O Valor Econômico e a Pequenas Empresas & Grandes Negócios lançam a segunda edição do prêmio Médias de Valor, que reconhece o papel de empresas de médio porte na economia. A iniciativa tem apoio da Fundação Dom Cabral e é apresentada pelo Itaú Unibanco.
Podem competir empresas com receita líquida entre 15 milhões e 500 milhões de reais no exercício encerrado em 2025, que não integrem grupos econômicos e que atuem com fins lucrativos. As inscrições vão até 30 de junho e devem ser feitas através do site dedicado.
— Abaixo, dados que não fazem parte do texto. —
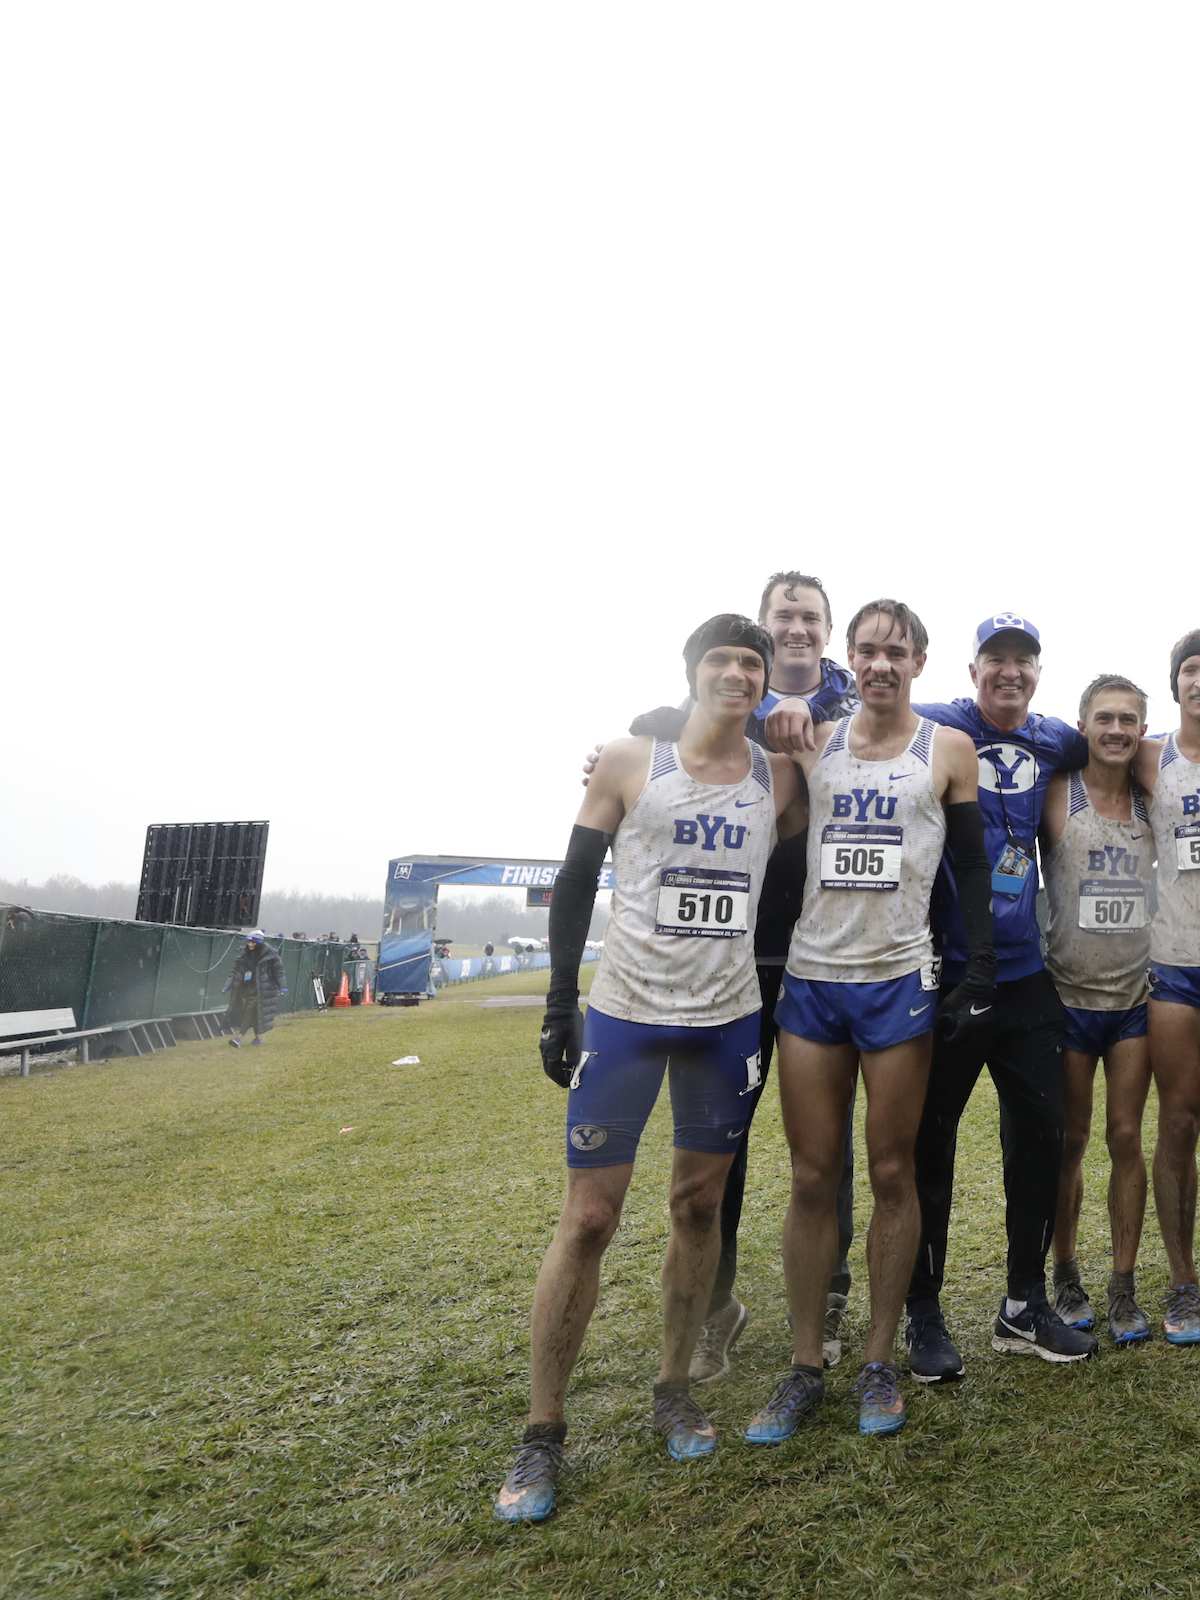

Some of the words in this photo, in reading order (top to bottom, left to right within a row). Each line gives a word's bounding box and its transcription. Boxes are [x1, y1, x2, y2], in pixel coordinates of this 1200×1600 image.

[977, 747, 1031, 789] Y
[832, 789, 898, 822] BYU
[673, 814, 747, 851] BYU
[834, 848, 884, 876] 505
[1088, 845, 1139, 876] BYU
[501, 866, 560, 886] FINIS
[676, 876, 692, 884] CROSS
[693, 877, 713, 885] COUNTRY
[714, 880, 749, 888] CHAMPIONSHIPS
[678, 893, 733, 924] 510
[1095, 900, 1135, 924] 507
[575, 1129, 598, 1147] Y
A avaliação envolve quatro critérios: liderança, estratégia, processos e resultados. Participantes são divididos por faixas de receita e passam por avaliação de maturidade de acordo com o estágio de desenvolvimento. Os finalistas acompanham especialistas convidados pela Editora Globo.
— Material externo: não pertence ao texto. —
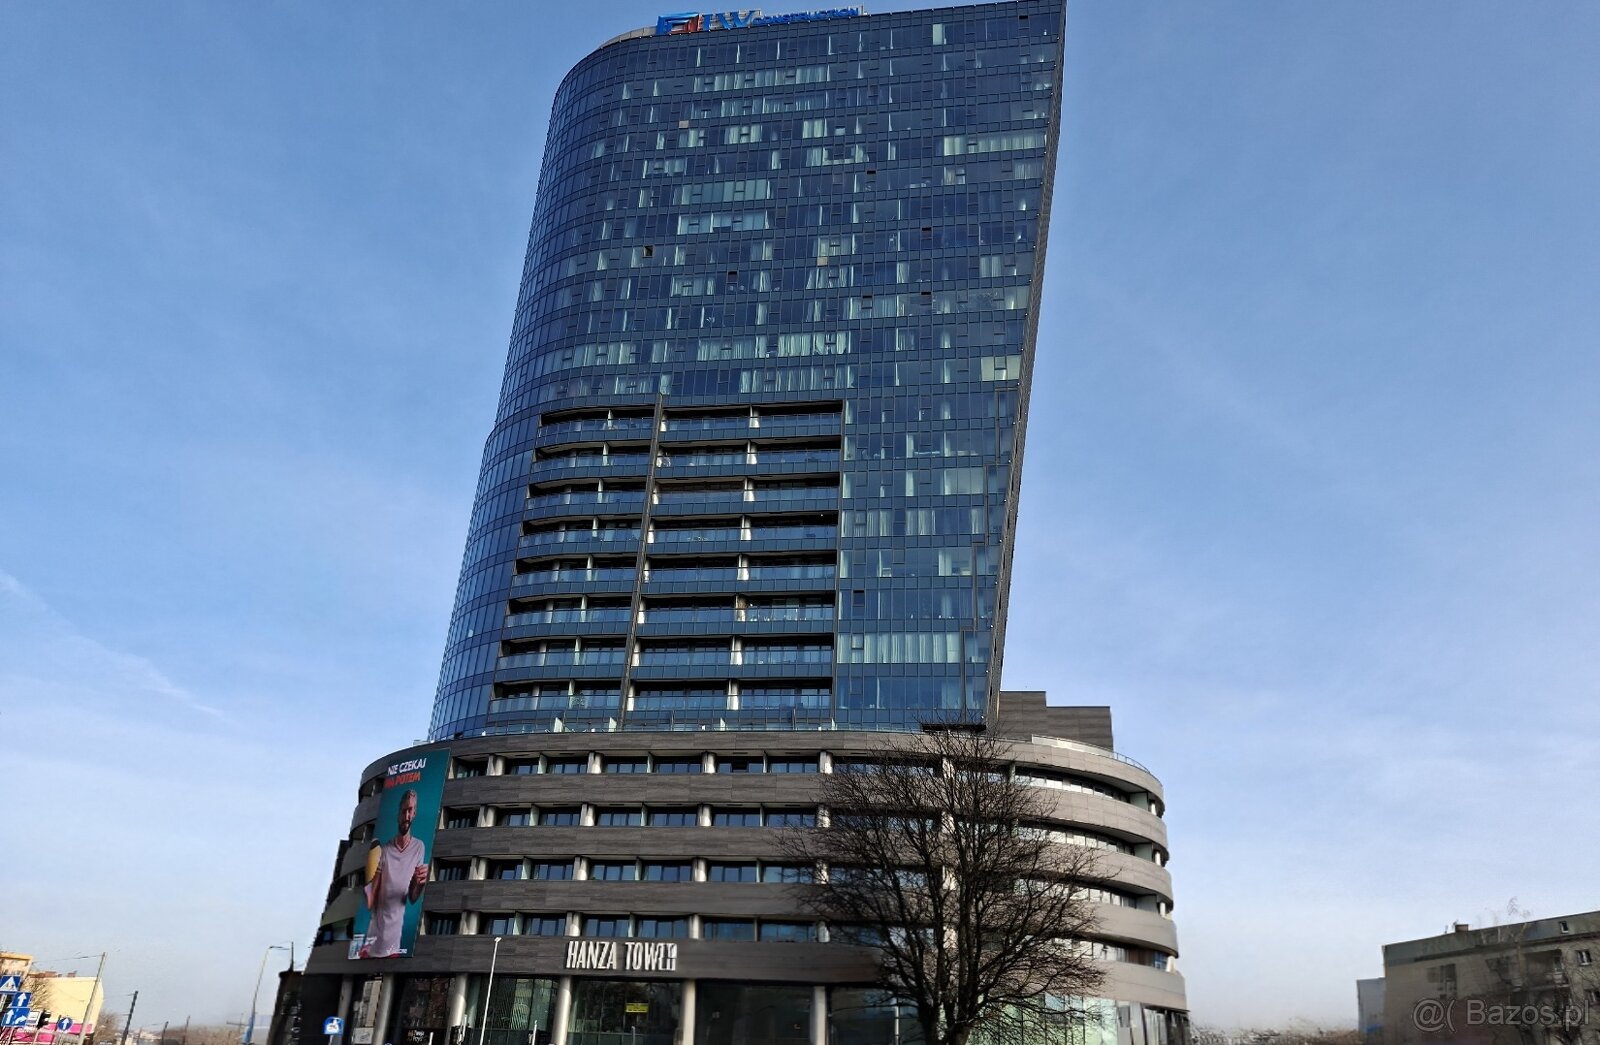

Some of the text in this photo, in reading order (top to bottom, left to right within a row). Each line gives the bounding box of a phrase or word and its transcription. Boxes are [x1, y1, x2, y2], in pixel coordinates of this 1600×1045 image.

[388, 758, 427, 776] NIE CZEKAJ
[395, 771, 421, 785] POTEM
[566, 940, 678, 971] HANZA TOWER
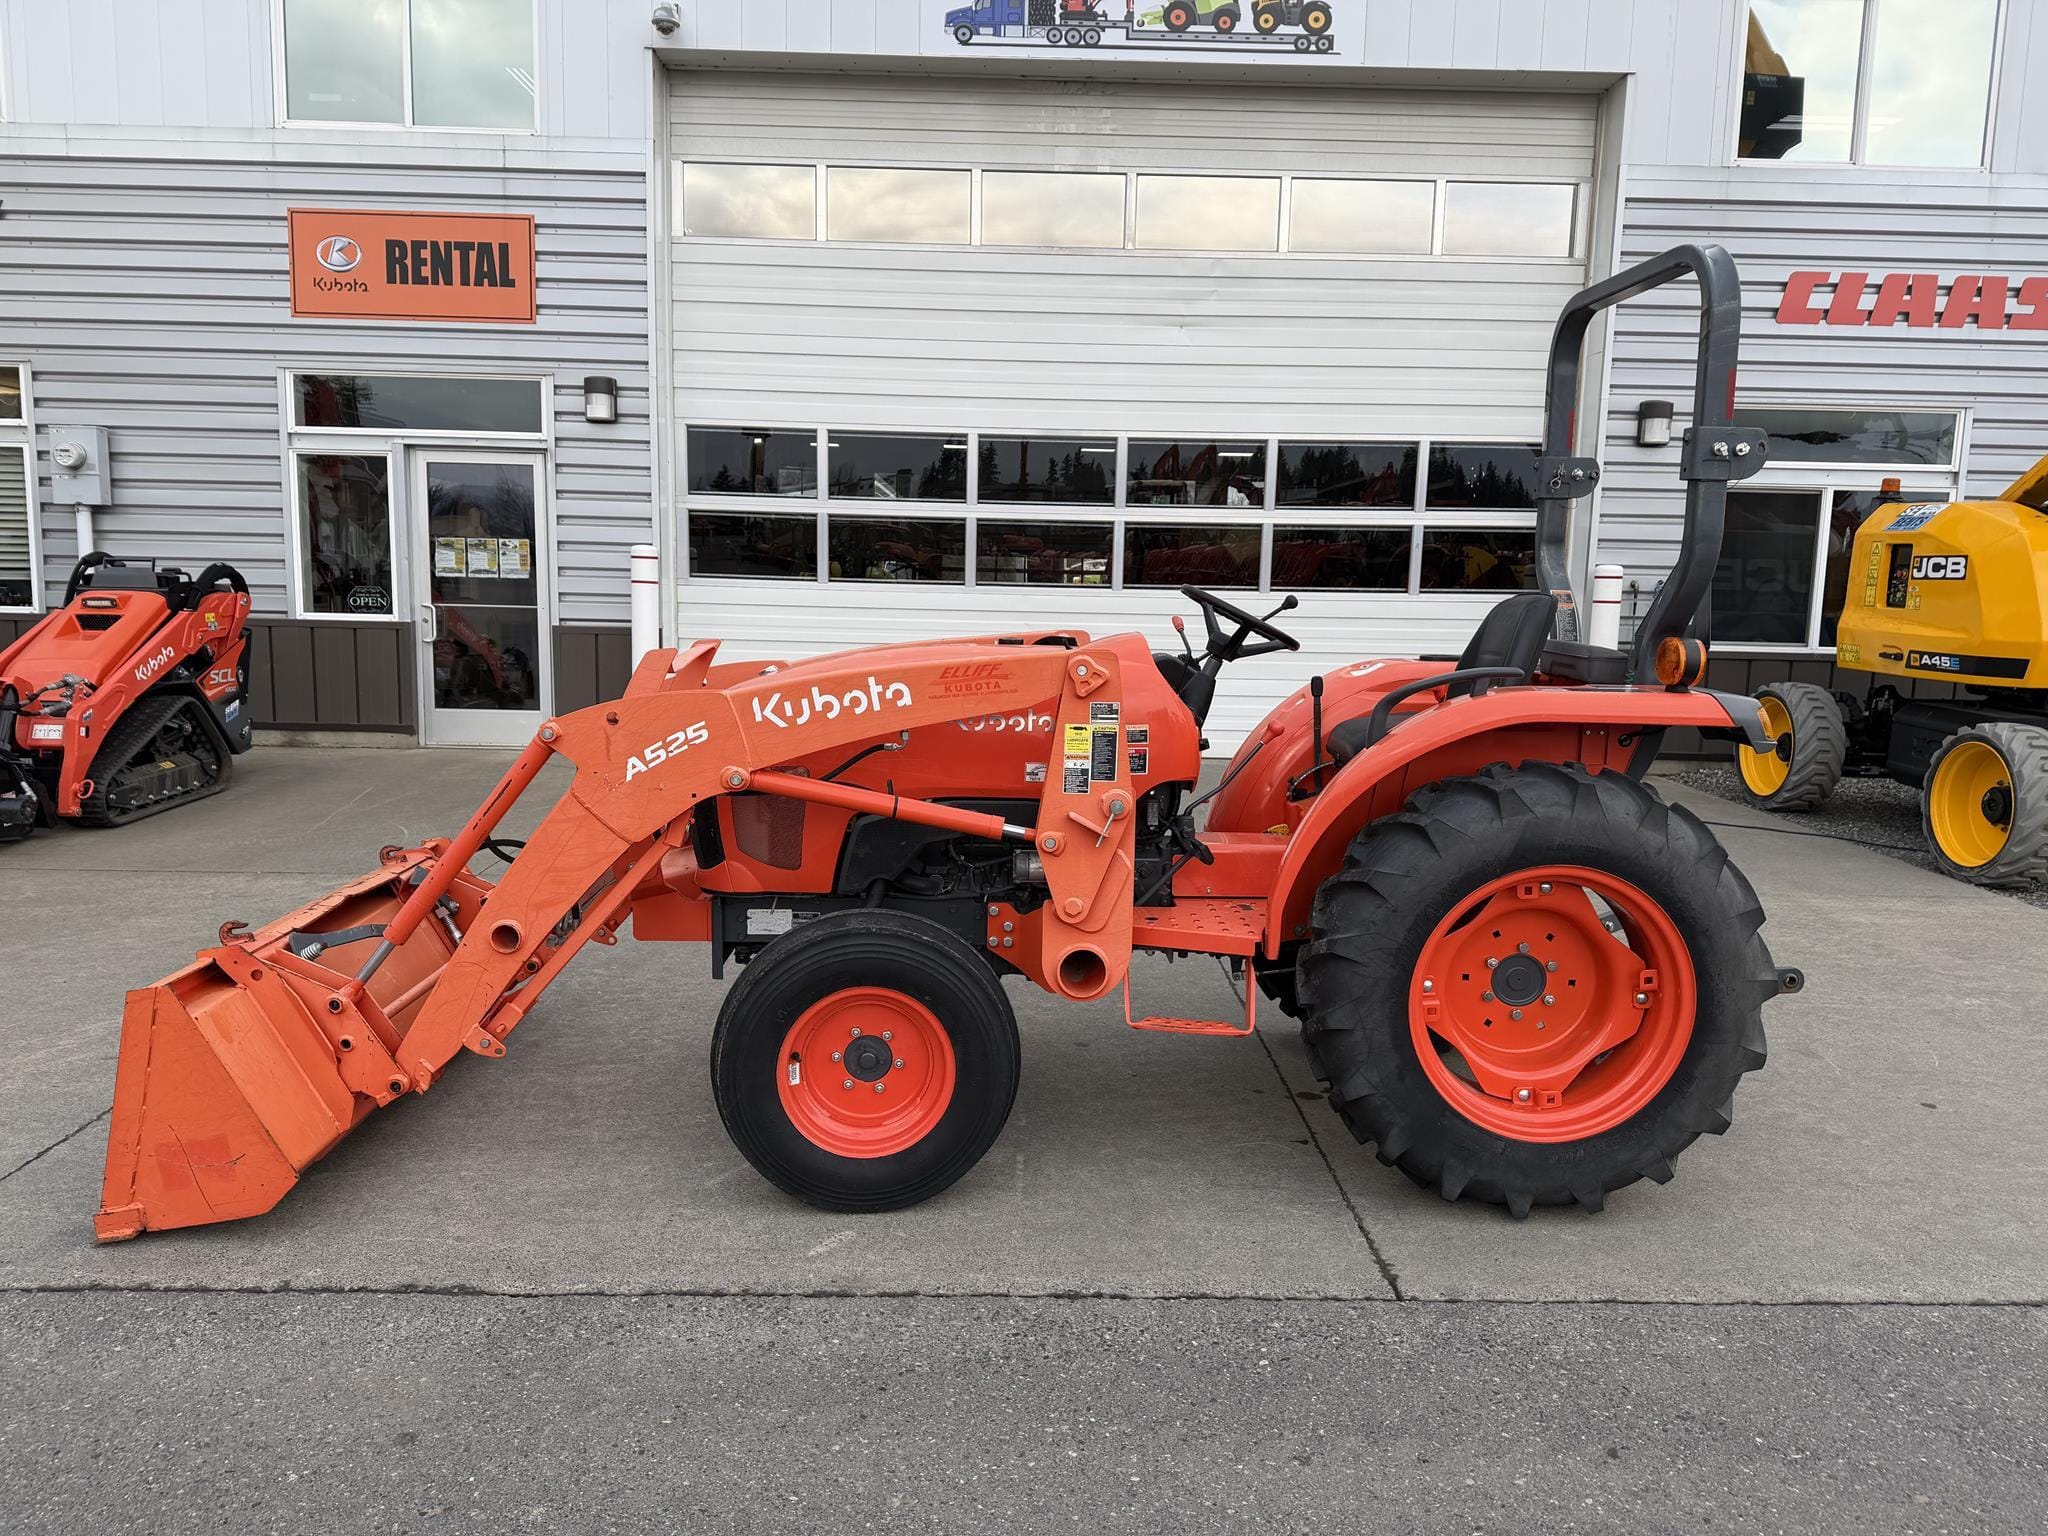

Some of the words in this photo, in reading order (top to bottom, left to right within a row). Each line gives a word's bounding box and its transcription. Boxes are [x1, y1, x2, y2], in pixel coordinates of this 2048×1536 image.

[385, 238, 516, 288] RENTAL
[313, 276, 368, 293] Kubota
[1775, 271, 2048, 330] CLAAS
[1913, 556, 1966, 579] JCB
[350, 596, 387, 607] OPEN
[135, 646, 175, 681] Kubota
[1921, 654, 1960, 668] A45E
[209, 668, 235, 685] SCL
[939, 663, 1003, 680] ELLIFF
[944, 681, 1002, 694] KUBOTA
[752, 676, 913, 728] Kubota
[625, 720, 709, 782] A525
O que mudou em relação ao ano anterior
Os 20 negócios vencedores serão anunciados em novembro de 2026, em cerimônia ainda não definida. O evento reunirá representantes das empresas premiadas e líderes do setor empresarial, com destaques das pesquisas veiculados no Valor e na PEGN.
No ano inaugural, 2025, mais de 500 empresas mostraram interesse e 240 passaram por triagem técnica. O questionário aplicado reuniu quase 200 perguntas, com a etapa final contando com verificação documental, histórico e práticas de inclusão e sustentabilidade.
Desempenho dos vencedores de 2025
Vinte companhias receberam o prêmio em dezembro, em cerimônia no hotel Rosewood, em São Paulo, com cerca de 200 convidados. As campeãs destacaram-se pela gestão estratégica, atingindo 97% da nota máxima. O aporte de propósito e valores à cultura organizacional também foi marcante.
A visão de futuro foi eixo central em 70% das vencedoras, que monitoram indicadores, promovem ajustes contínuos e desenvolvem projetos de alto impacto. Liderança e gestão de pessoas também tiveram desempenho superior, com práticas de retenção e reconhecimento mais robustas.
Notas elevadas em inovação sinalizaram metas claras e alinhamento estratégico. Além disso, as organizações premiadas apresentaram governança mais profissionalizada, com conselhos atuantes e maior transparência. A presença feminina na liderança foi notável: 35% das CEOs entre as vencedoras eram mulheres.